BEGIN MATERIALS PROVIDED
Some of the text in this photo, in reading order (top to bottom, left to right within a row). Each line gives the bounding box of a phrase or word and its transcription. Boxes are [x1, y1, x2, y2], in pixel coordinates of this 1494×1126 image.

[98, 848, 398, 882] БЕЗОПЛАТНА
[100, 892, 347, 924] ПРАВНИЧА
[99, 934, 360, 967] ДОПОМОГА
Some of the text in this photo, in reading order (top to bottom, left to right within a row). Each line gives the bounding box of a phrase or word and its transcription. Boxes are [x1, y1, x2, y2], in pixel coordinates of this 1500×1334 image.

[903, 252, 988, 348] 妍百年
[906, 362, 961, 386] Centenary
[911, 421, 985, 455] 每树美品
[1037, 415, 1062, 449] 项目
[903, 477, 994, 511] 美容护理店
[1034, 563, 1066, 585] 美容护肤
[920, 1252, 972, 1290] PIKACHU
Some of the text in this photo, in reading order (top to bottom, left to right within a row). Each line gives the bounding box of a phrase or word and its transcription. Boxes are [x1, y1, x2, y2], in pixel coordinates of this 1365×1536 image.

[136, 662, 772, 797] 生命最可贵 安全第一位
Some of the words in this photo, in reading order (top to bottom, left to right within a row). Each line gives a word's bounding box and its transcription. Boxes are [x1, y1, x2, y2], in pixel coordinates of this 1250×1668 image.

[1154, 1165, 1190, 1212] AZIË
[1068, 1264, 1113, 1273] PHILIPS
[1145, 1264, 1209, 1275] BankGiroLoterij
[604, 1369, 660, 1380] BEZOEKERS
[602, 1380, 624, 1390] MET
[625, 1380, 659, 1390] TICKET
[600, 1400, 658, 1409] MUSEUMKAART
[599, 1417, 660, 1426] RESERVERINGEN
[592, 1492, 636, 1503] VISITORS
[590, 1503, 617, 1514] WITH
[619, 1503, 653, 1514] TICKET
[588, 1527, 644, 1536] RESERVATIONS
END MATERIALS PROVIDED
▶ INSTRUCTIONS TO FOLLOW:
Each record is to be repeated word for word, with none skipped.

▶ EXPECTED ANSWER:
Some of the text in this photo, in reading order (top to bottom, left to right within a row). Each line gives the bounding box of a phrase or word and its transcription. Boxes are [x1, y1, x2, y2], in pixel coordinates of this 1494×1126 image.

[98, 848, 398, 882] БЕЗОПЛАТНА
[100, 892, 347, 924] ПРАВНИЧА
[99, 934, 360, 967] ДОПОМОГА
Some of the text in this photo, in reading order (top to bottom, left to right within a row). Each line gives the bounding box of a phrase or word and its transcription. Boxes are [x1, y1, x2, y2], in pixel coordinates of this 1500×1334 image.

[903, 252, 988, 348] 妍百年
[906, 362, 961, 386] Centenary
[911, 421, 985, 455] 每树美品
[1037, 415, 1062, 449] 项目
[903, 477, 994, 511] 美容护理店
[1034, 563, 1066, 585] 美容护肤
[920, 1252, 972, 1290] PIKACHU
Some of the text in this photo, in reading order (top to bottom, left to right within a row). Each line gives the bounding box of a phrase or word and its transcription. Boxes are [x1, y1, x2, y2], in pixel coordinates of this 1365×1536 image.

[136, 662, 772, 797] 生命最可贵 安全第一位
Some of the words in this photo, in reading order (top to bottom, left to right within a row). Each line gives a word's bounding box and its transcription. Boxes are [x1, y1, x2, y2], in pixel coordinates of this 1250×1668 image.

[1154, 1165, 1190, 1212] AZIË
[1068, 1264, 1113, 1273] PHILIPS
[1145, 1264, 1209, 1275] BankGiroLoterij
[604, 1369, 660, 1380] BEZOEKERS
[602, 1380, 624, 1390] MET
[625, 1380, 659, 1390] TICKET
[600, 1400, 658, 1409] MUSEUMKAART
[599, 1417, 660, 1426] RESERVERINGEN
[592, 1492, 636, 1503] VISITORS
[590, 1503, 617, 1514] WITH
[619, 1503, 653, 1514] TICKET
[588, 1527, 644, 1536] RESERVATIONS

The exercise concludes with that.